One follow-up question though. What is the V2.92 Motherboard specification? I'm sorry if it was in the post and I skipped it, but does it even matter, or is it a safe assumption that as long as the mobo and the psu employ some variation of the ATX 12V V2.X standard, they should be compatible?


----------



## sparky195 (Oct 7, 2010)

v2.92 should be the revision number of your particular motherboard

IE: model #1234 v 2.91
model #1234 v 2.92


----------



## makinu1der2 (Jan 1, 2008)

NoviceTechie said:


> What is the V2.92 Motherboard specification?


See if this helps.


----------



## NoviceTechie (Feb 2, 2009)

Ah, so if its the revision # of the mobo - is it a safe assumption that a psu stated to be compatible with v2.92 would be backwards compatible with earlier revisions - or is that a set requirement?

Sorry its a noobish question, I just couldn't find the v2.92 # anywhere on the m3n78 pro's documentation.


----------



## NoviceTechie (Feb 2, 2009)

OH ok, I just read the wiki link. Basically it implies that it is backwards compatible since the specification just requires the 24 pin + 8 pin connector, which may "overhang" depending on how old the mobo is, is that correct?


----------



## makinu1der2 (Jan 1, 2008)

The v2.92 is not the MB revision number.

It is the latest EPS12V Specification. There is also a pdf document attached to the 

wiki link that I sent you.


----------



## sparky195 (Oct 7, 2010)

thanks for the correction did not mean to misinform


----------



## NoviceTechie (Feb 2, 2009)

0,0 ok I think I've read everything now. 

Please correct me if I'm wrong because this is the most reading I've done in a while so i may be putting the info together incorrectly.

EPS12V v2.92 is the latest specification of the EPS12v standard, which MAY or may not be compatible with the ATX12v v2.x standard, depending on the manufacturer. In the example of the PSU I linked in my first post, it is both ATX12v v2.3 compatible AND EPS12V v2.92 compatible.

When choosing a motherboard's PSU, its important that it be ATX12v v2.X standard compatible, not necesarily EPS12V V2.92. The motherboard I linked in my first post was an m3n78-pro and it is an ATX12v v2.0 standard, so its not surprising that I didn't find the EPS12v or the v2.92 specification anywhere on the unit.

Is that an accurate summation?


----------



## Tyree (May 10, 2009)

Your Mobo uses a 24 pin Power plug.

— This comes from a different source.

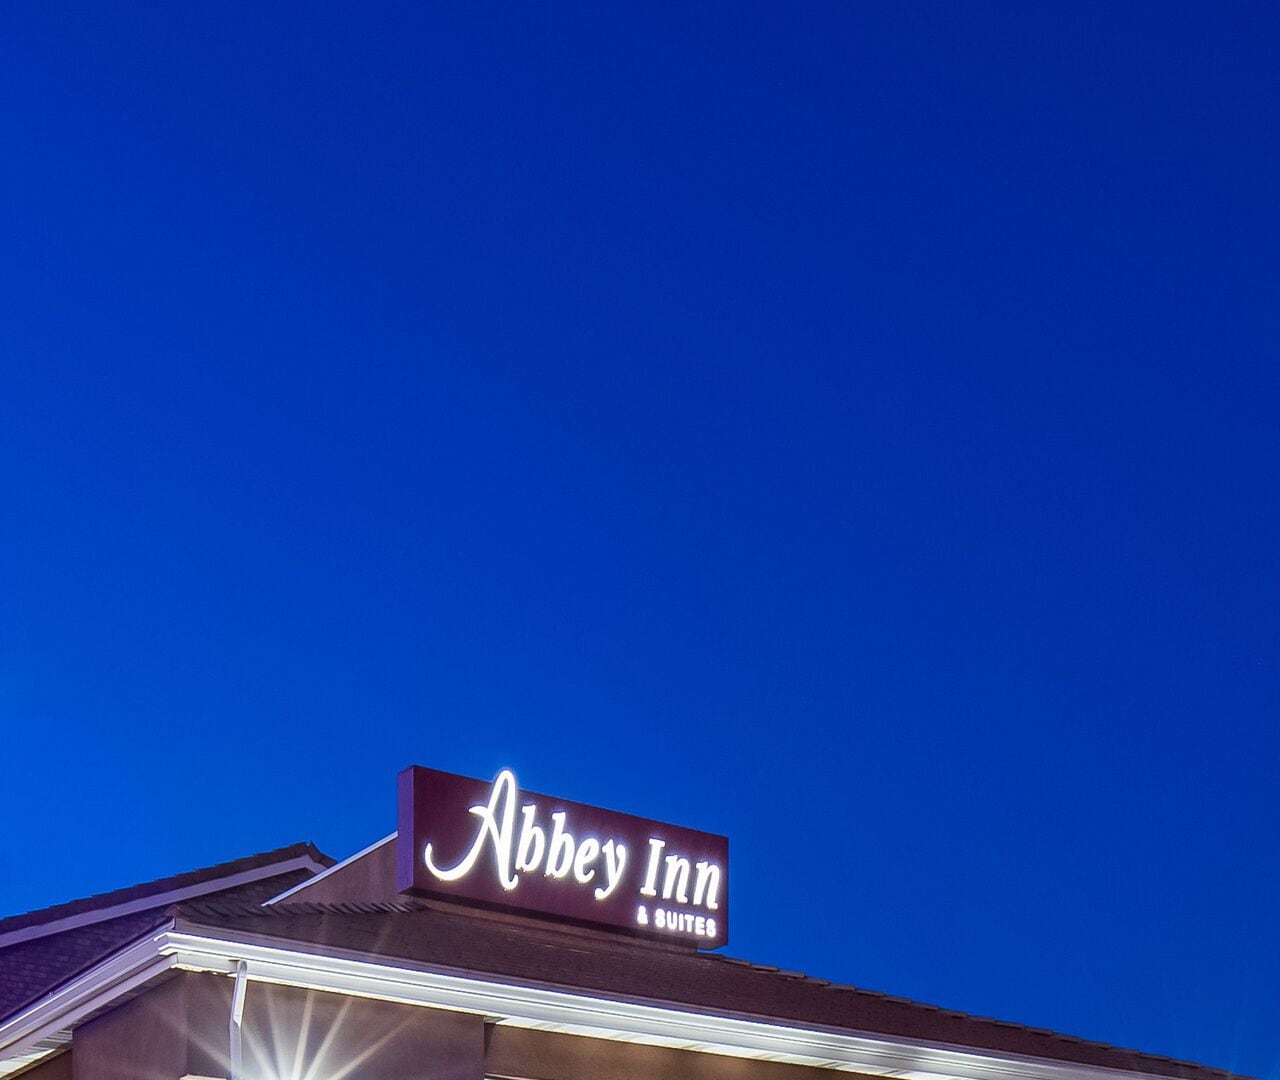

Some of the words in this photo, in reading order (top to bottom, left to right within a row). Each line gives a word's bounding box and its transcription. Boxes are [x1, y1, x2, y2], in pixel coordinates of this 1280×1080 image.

[424, 769, 628, 901] Abbey
[639, 837, 721, 910] Inn
[636, 905, 649, 925] &
[654, 907, 717, 938] SUITES

Any new ATX PSU with a 20+4 pin power cable will work. Your main concern is to be certain the PSU is good quality (SeaSonic or Corsair)and has enough power to supply your hardware with clean power.


----------



## NoviceTechie (Feb 2, 2009)

Sorry for the confusion. Just trying to understand the whole difference between V2.92 and ATX12V V2.x. So the primary concern is the presence of the 24-pin connector and the 8 (4+4) pin connector AND the specification that the PSU I choose is ATX specified, right?



Tyree said:


> enough power to supply your hardware with clean power.


I had an additional question if you don't mind. The topic of "clean power" kept rising when I was reading the literature in regards to multi-rail versus single rail (12v). I was reading this wiki insert and towards the bottom it mentioned that the whole concept of balancing multiple rails was getting cumbersome and it may have been done away with with ATX12V V2.3. Does that mean it no longer needs to be considered when hooking up a motherboard to a psu or is the wiki entry wrong? I mean I don't use that many connections, just 5 fan connections, 1 Sata drive, 1 dvd writer, 1 24-pin mobo, 1 4-pin 12v - so I never really considered the whole balancing issue with the thermaltake toughpower 850w.


----------



## shotgn (Aug 10, 2008)

The toughpower series is a good psu, It should have no problem balancing out the power.
On the lower quality psu's with multiple rails you get that issue...Should be illegal lol. 

I just prefer to have is simple and purchase a single rail psu. But to each their own


----------



## Tyree (May 10, 2009)

Single or multiple rails makes no difference if the PSU is a quality unit. SeaSonic, one of the top PSU manufacturers, uses two rails.


----------